深層自己進化推論

要旨

長文の連鎖思考推論は、大規模言語モデルにおける高度な推論の基盤となっている。最近の検証・改良フレームワークにより、専有モデルがオリンピアドレベルの問題を解決できるようになったが、その有効性は強力で信頼性の高い検証と修正能力に依存しており、オープンウェイトの小規模モデルでは依然として脆弱である。本研究では、困難なタスクにおける弱い検証・改良能力であっても、確率的パラダイムであるDeep Self-Evolving Reasoning (DSER) を通じて、そのようなモデルの推論限界を大幅に拡張できることを示す。反復推論をマルコフ連鎖として概念化し、各ステップが解空間における確率的遷移を表す。重要な洞察は、改善の確率が劣化の確率をわずかに上回る限り、正しい解への収束が保証されることである。DSERは、複数の長期的な自己進化プロセスを並列に実行することで、これらの小さなポジティブな傾向を増幅し、モデルが漸近的に正解に近づくことを可能にする。実証的に、DSERをDeepSeek-R1-0528-Qwen3-8Bモデルに適用した。挑戦的なAIME 2024-2025ベンチマークにおいて、DSERは以前解決できなかった9問中5問を解決し、全体のパフォーマンスを向上させ、このコンパクトモデルが多数決を通じて600Bパラメータの教師モデルの単一ターン精度を上回ることを可能にした。テスト時のスケーリングにおける即時の有用性を超えて、DSERフレームワークは、現在のオープンウェイト推論モデルの根本的な限界を診断する役割を果たす。自己検証、改良、安定性における欠点を明確に描き出すことで、我々の知見は、強力な内在的な自己進化能力を持つ次世代モデルの開発に向けた明確な研究課題を確立する。

English

Long-form chain-of-thought reasoning has become a cornerstone of advanced reasoning in large language models. While recent verification-refinement frameworks have enabled proprietary models to solve Olympiad-level problems, their effectiveness hinges on strong, reliable verification and correction capabilities, which remain fragile in open-weight, smaller-scale models. This work demonstrates that even with weak verification and refinement capabilities on hard tasks, the reasoning limits of such models can be substantially extended through a probabilistic paradigm we call Deep Self-Evolving Reasoning (DSER). We conceptualize iterative reasoning as a Markov chain, where each step represents a stochastic transition in the solution space.
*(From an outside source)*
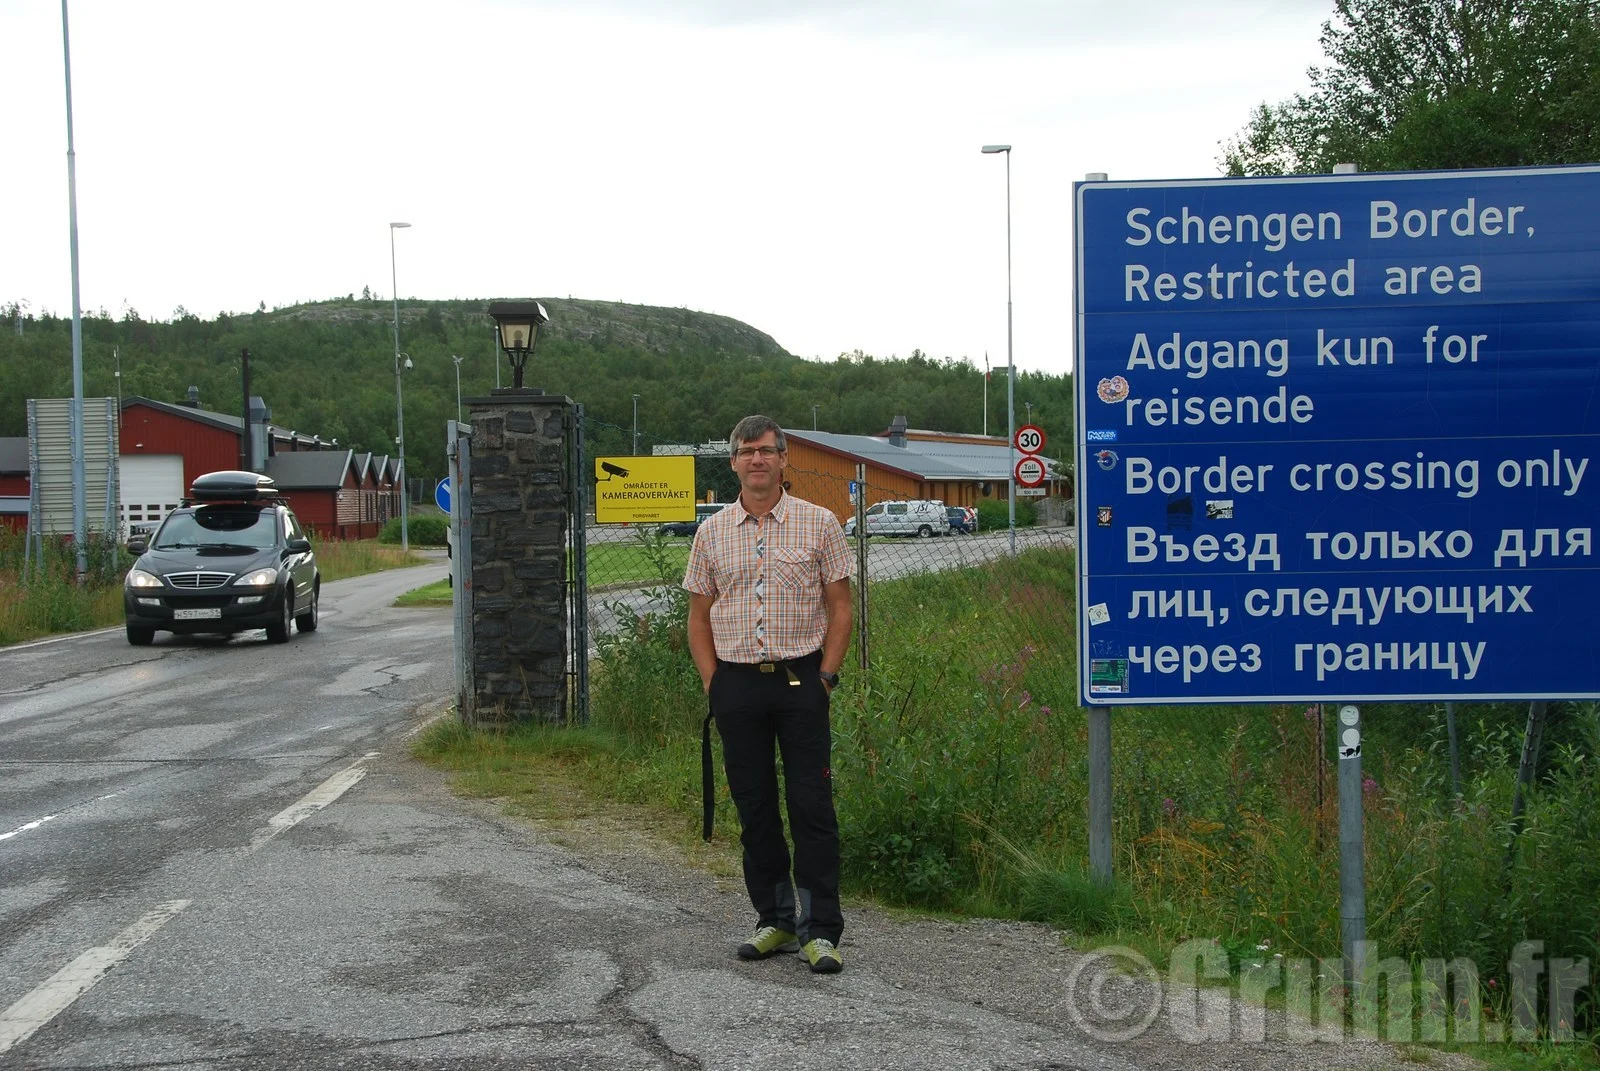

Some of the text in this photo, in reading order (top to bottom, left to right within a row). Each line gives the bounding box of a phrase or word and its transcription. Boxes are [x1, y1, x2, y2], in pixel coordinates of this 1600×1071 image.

The key insight is that convergence to a correct solution is guaranteed as long as the probability of improvement marginally exceeds that of degradation. By running multiple long-horizon, self-evolving processes in parallel, DSER amplifies these small positive tendencies, enabling the model to asymptotically approach correct answers. Empirically, we apply DSER to the DeepSeek-R1-0528-Qwen3-8B model. On the challenging AIME 2024-2025 benchmark, DSER solves 5 out of 9 previously unsolvable problems and boosts overall performance, enabling this compact model to surpass the single-turn accuracy of its 600B-parameter teacher through majority voting. Beyond its immediate utility for test-time scaling, the DSER framework serves to diagnose the fundamental limitations of current open-weight reasoners. By clearly delineating their shortcomings in self-verification, refinement, and stability, our findings establish a clear research agenda for developing next-generation models with powerful, intrinsic self-evolving capabilities.